::: Data in this exercise :::
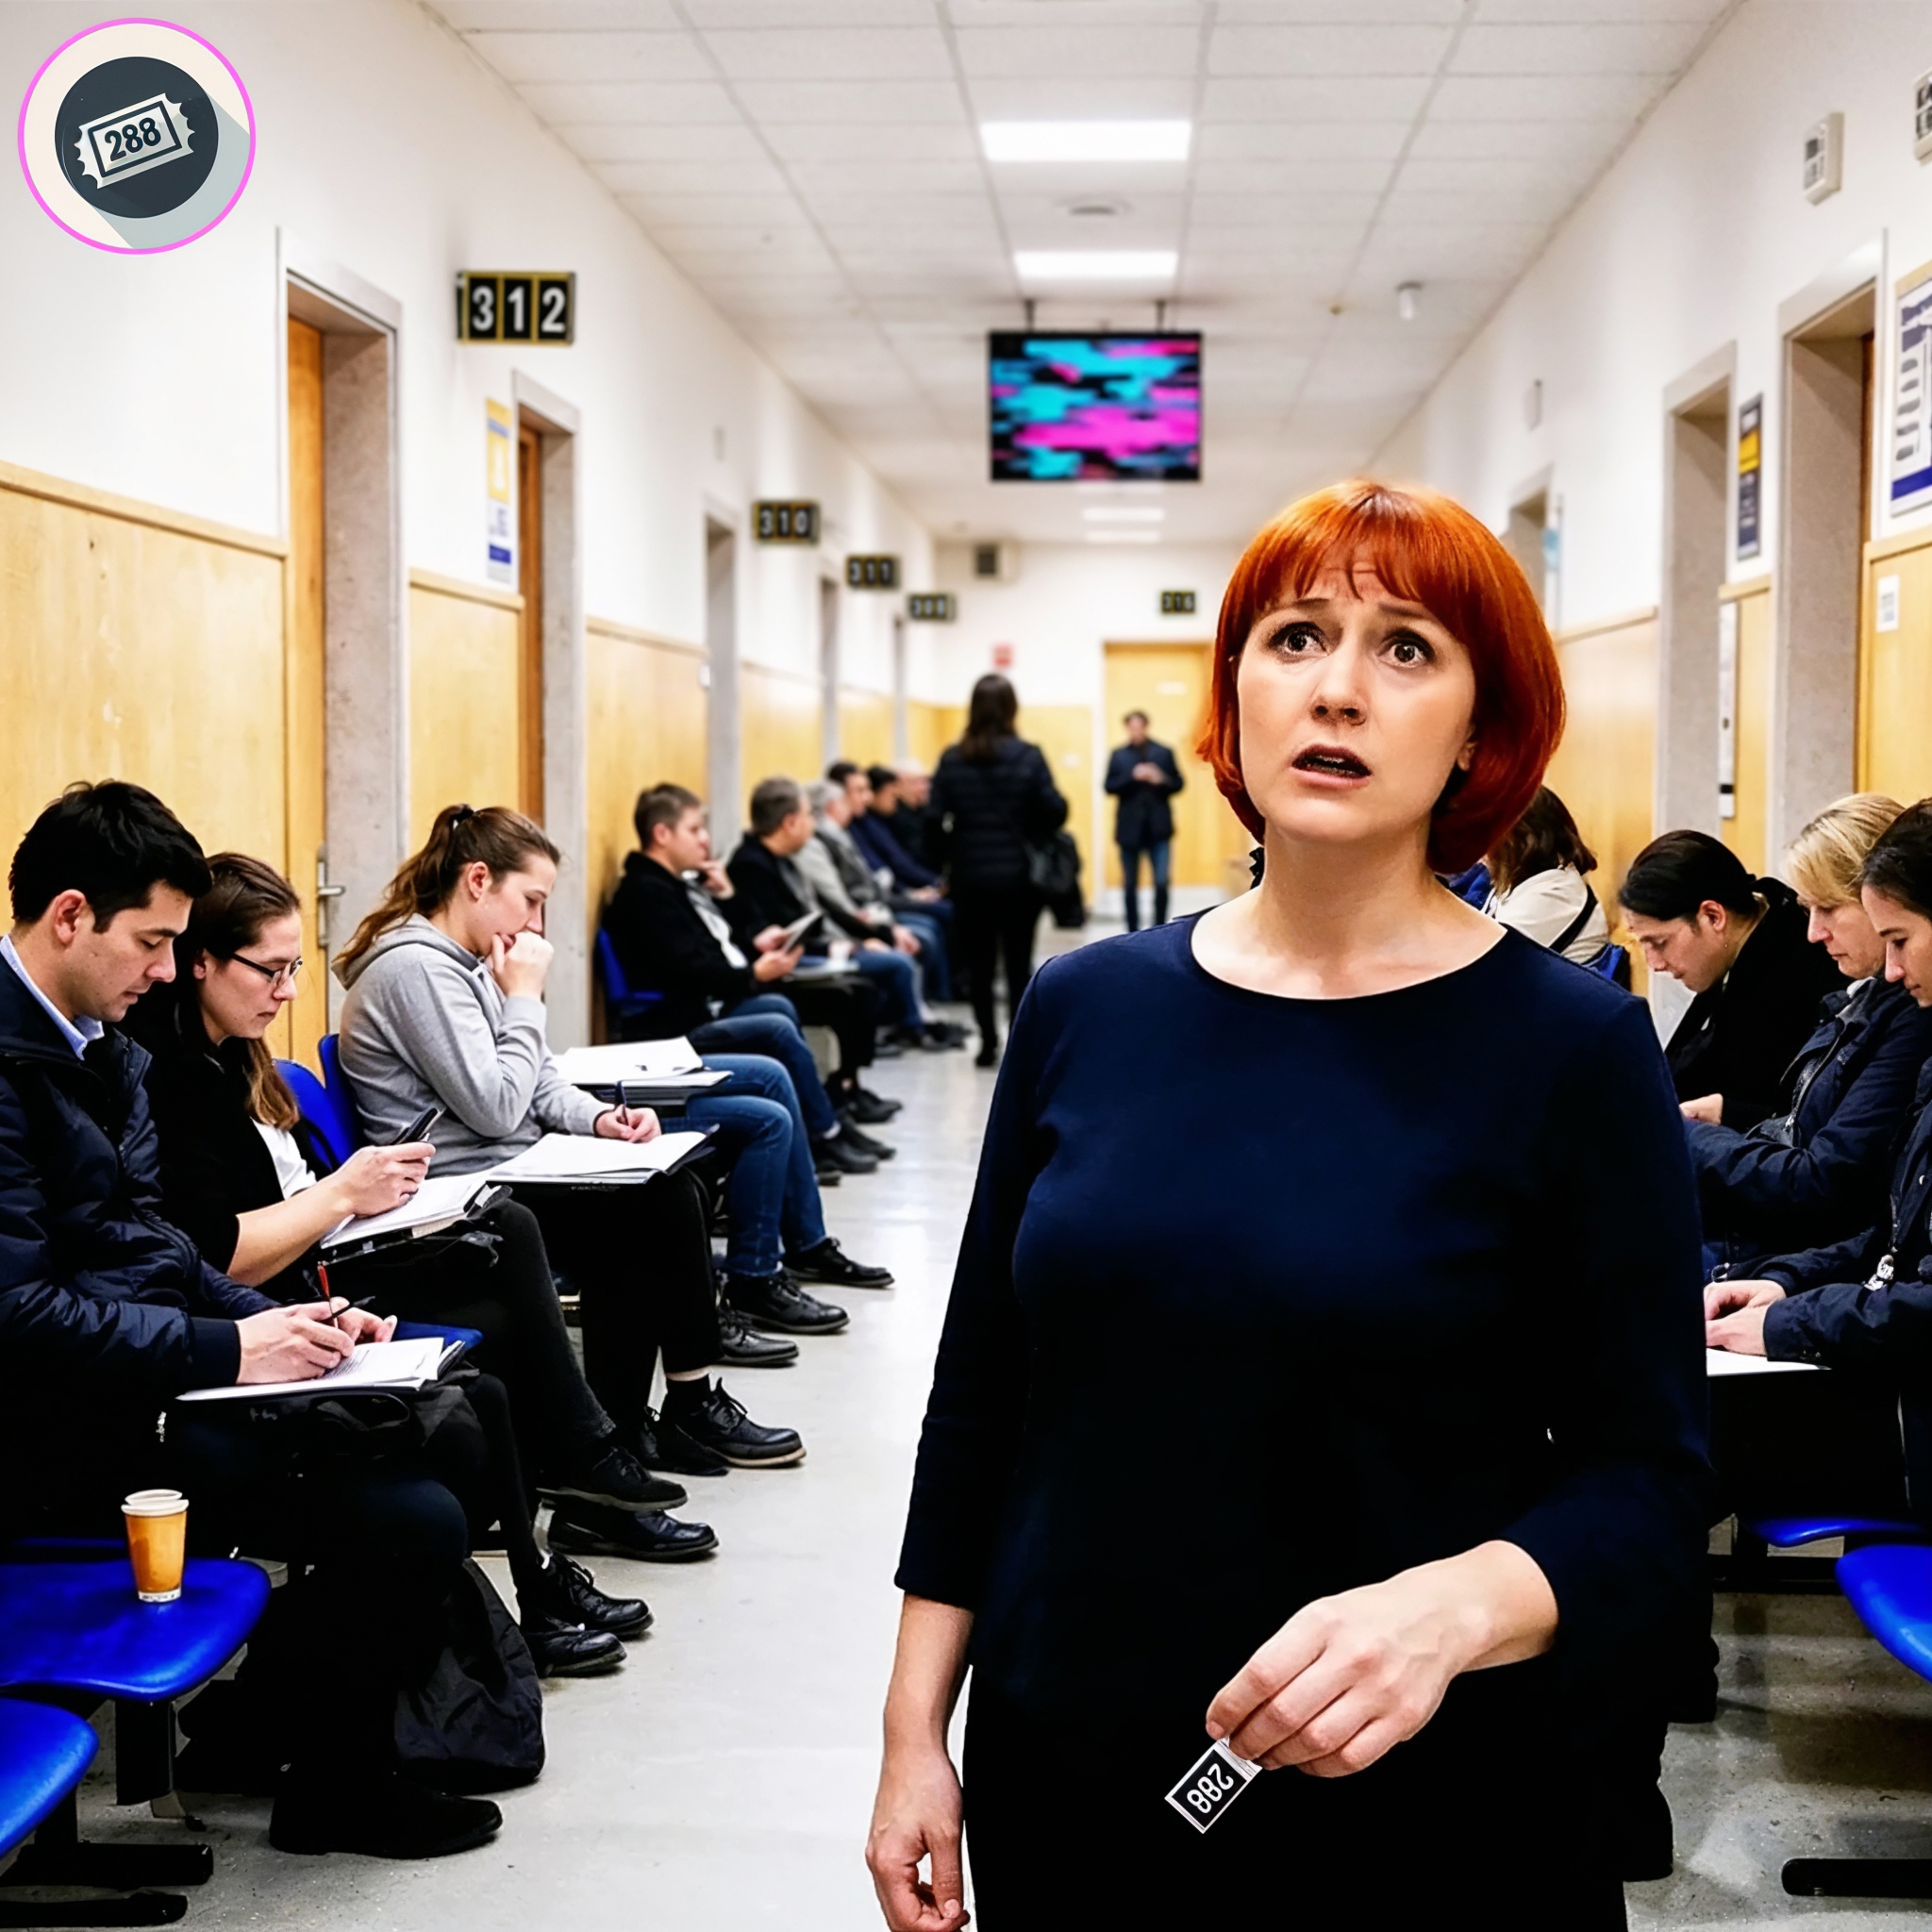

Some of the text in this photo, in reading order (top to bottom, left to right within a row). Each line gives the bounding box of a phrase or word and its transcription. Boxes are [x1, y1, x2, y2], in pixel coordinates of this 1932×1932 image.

[472, 285, 566, 333] 312
[759, 509, 809, 535] 310
[1187, 1762, 1234, 1813] 288
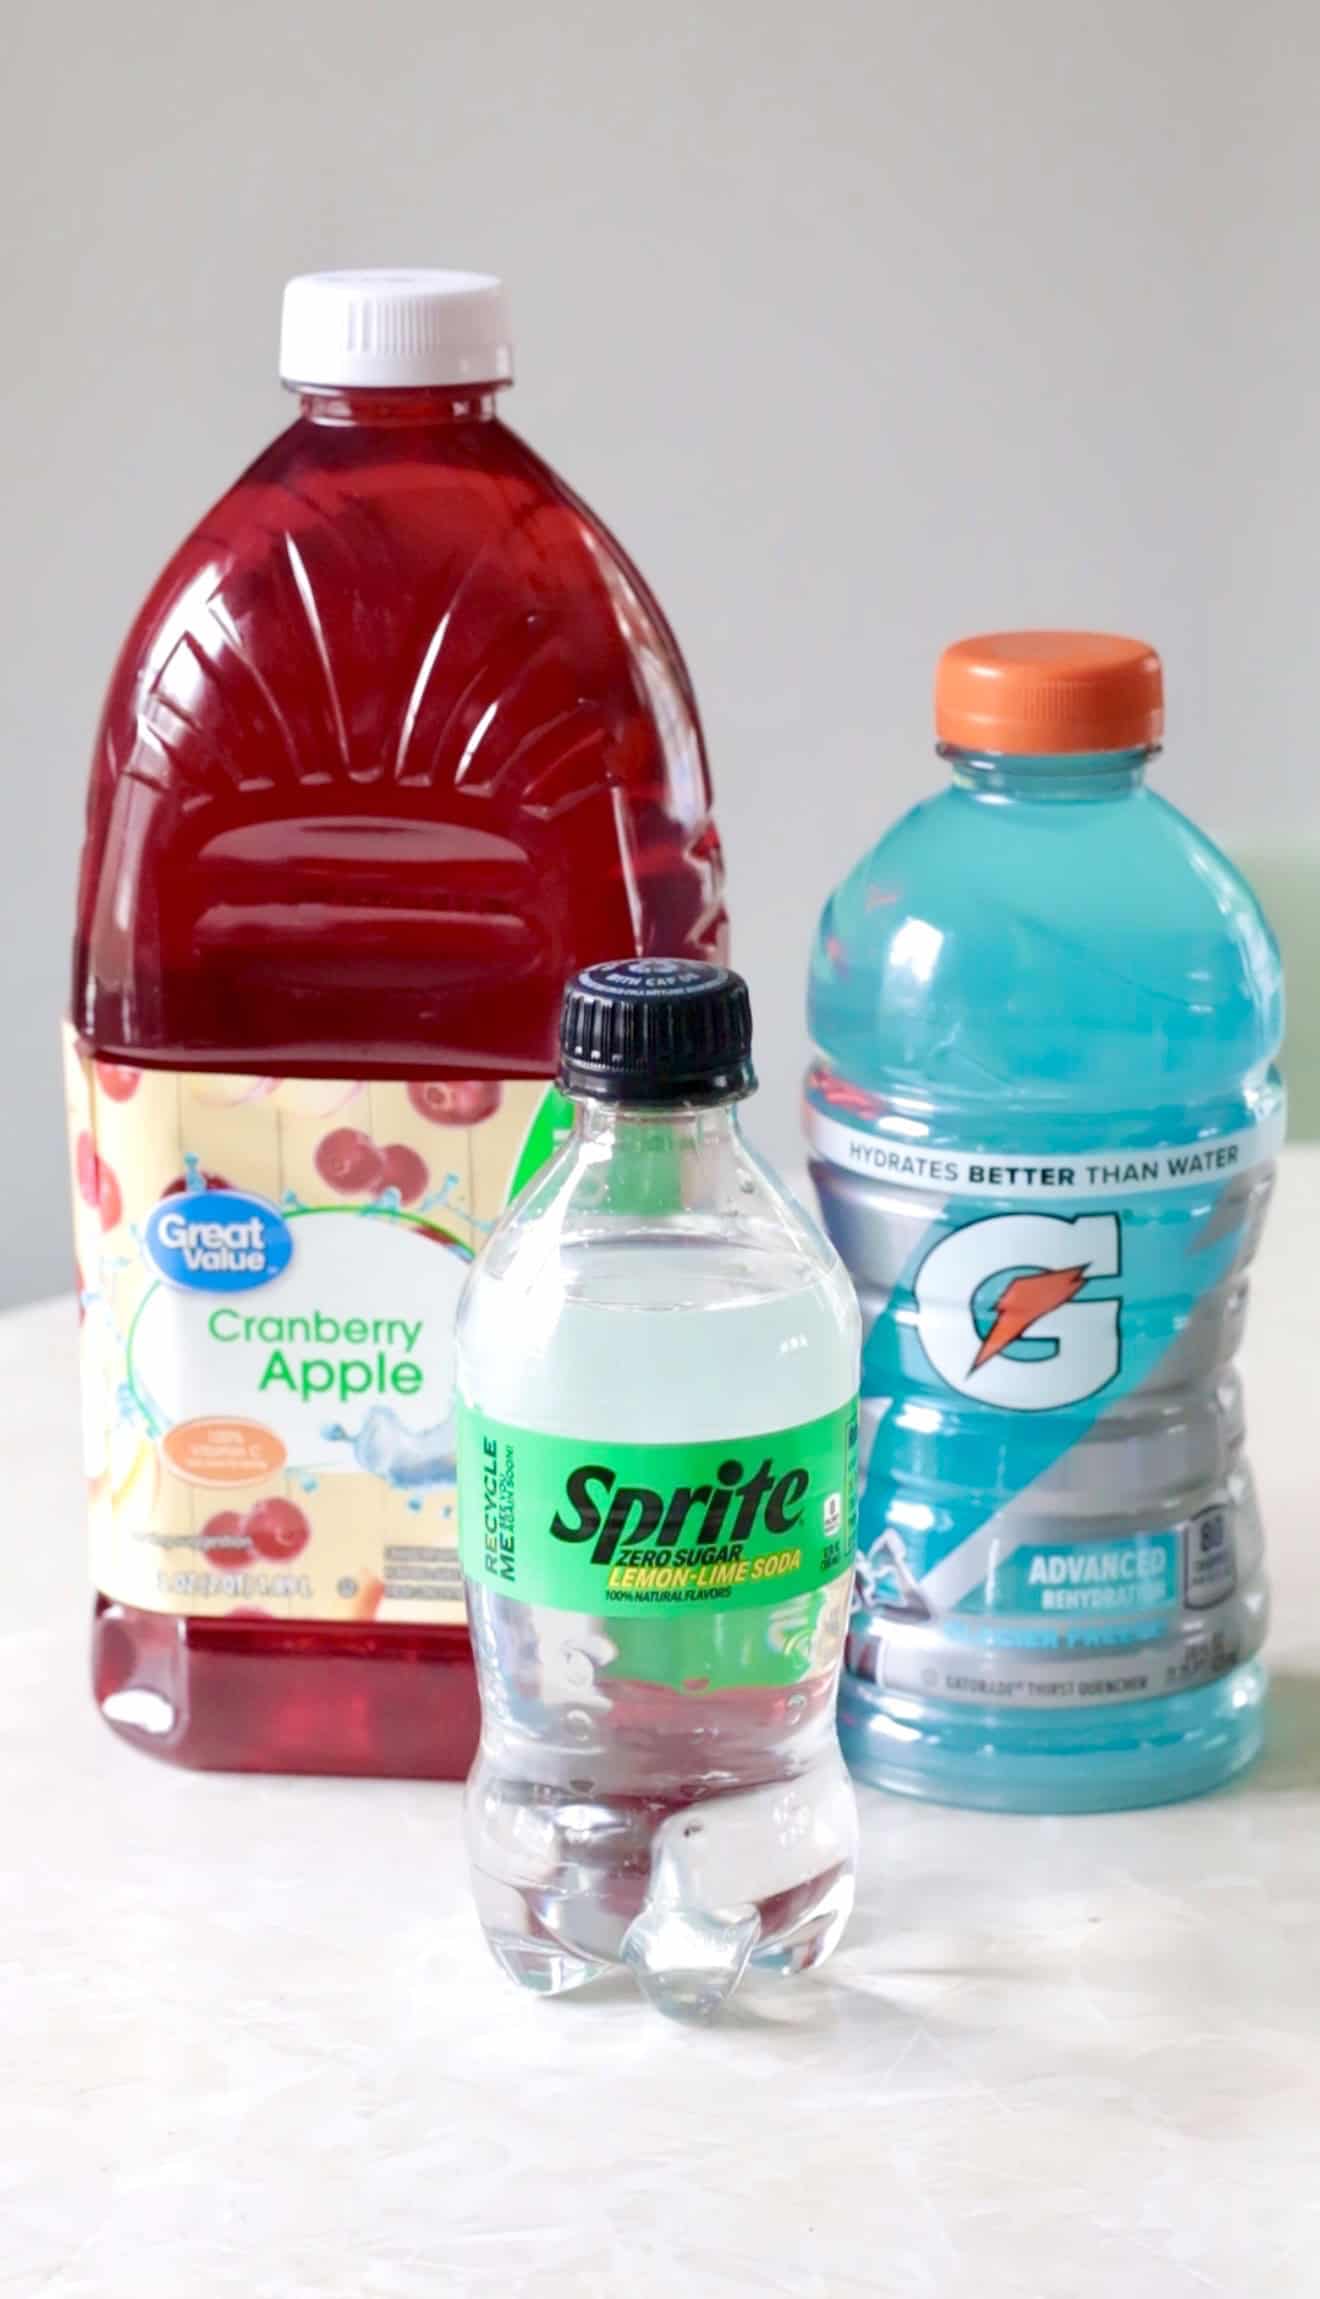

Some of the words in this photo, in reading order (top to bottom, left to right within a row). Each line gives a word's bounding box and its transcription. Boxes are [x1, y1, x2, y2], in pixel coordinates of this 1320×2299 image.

[850, 1141, 959, 1182] HYDRATES
[969, 1165, 1075, 1186] BETTER
[1086, 1161, 1159, 1184] THAN
[1167, 1145, 1239, 1177] WATER
[158, 1213, 264, 1249] Great
[183, 1248, 265, 1271] Value
[208, 1308, 423, 1352] Cranberry
[912, 1211, 1123, 1413] G
[259, 1349, 423, 1403] Apple
[483, 1436, 498, 1575] RECYCLE
[549, 1457, 810, 1565] Sprite
[499, 1532, 515, 1582] ME
[609, 1561, 749, 1588] LEMON-LIME
[751, 1549, 801, 1580] SODA
[616, 1549, 671, 1567] ZERO
[673, 1545, 743, 1567] SUGAR
[1027, 1547, 1167, 1585] ADVANCED
[606, 1590, 634, 1602] 100%
[635, 1589, 684, 1602] NATURAL
[684, 1586, 731, 1600] FLAVORS
:::
- [Task directions]: Your task is to transcribe all of the records precisely, with no images included.

- [Answer area]:
Some of the text in this photo, in reading order (top to bottom, left to right within a row). Each line gives the bounding box of a phrase or word and its transcription. Boxes are [x1, y1, x2, y2], in pixel coordinates of this 1932×1932 image.

[472, 285, 566, 333] 312
[759, 509, 809, 535] 310
[1187, 1762, 1234, 1813] 288

Some of the words in this photo, in reading order (top to bottom, left to right within a row). Each line gives a word's bounding box and its transcription. Boxes are [x1, y1, x2, y2], in pixel coordinates of this 1320×2299 image.

[850, 1141, 959, 1182] HYDRATES
[969, 1165, 1075, 1186] BETTER
[1086, 1161, 1159, 1184] THAN
[1167, 1145, 1239, 1177] WATER
[158, 1213, 264, 1249] Great
[183, 1248, 265, 1271] Value
[208, 1308, 423, 1352] Cranberry
[912, 1211, 1123, 1413] G
[259, 1349, 423, 1403] Apple
[483, 1436, 498, 1575] RECYCLE
[549, 1457, 810, 1565] Sprite
[499, 1532, 515, 1582] ME
[609, 1561, 749, 1588] LEMON-LIME
[751, 1549, 801, 1580] SODA
[616, 1549, 671, 1567] ZERO
[673, 1545, 743, 1567] SUGAR
[1027, 1547, 1167, 1585] ADVANCED
[606, 1590, 634, 1602] 100%
[635, 1589, 684, 1602] NATURAL
[684, 1586, 731, 1600] FLAVORS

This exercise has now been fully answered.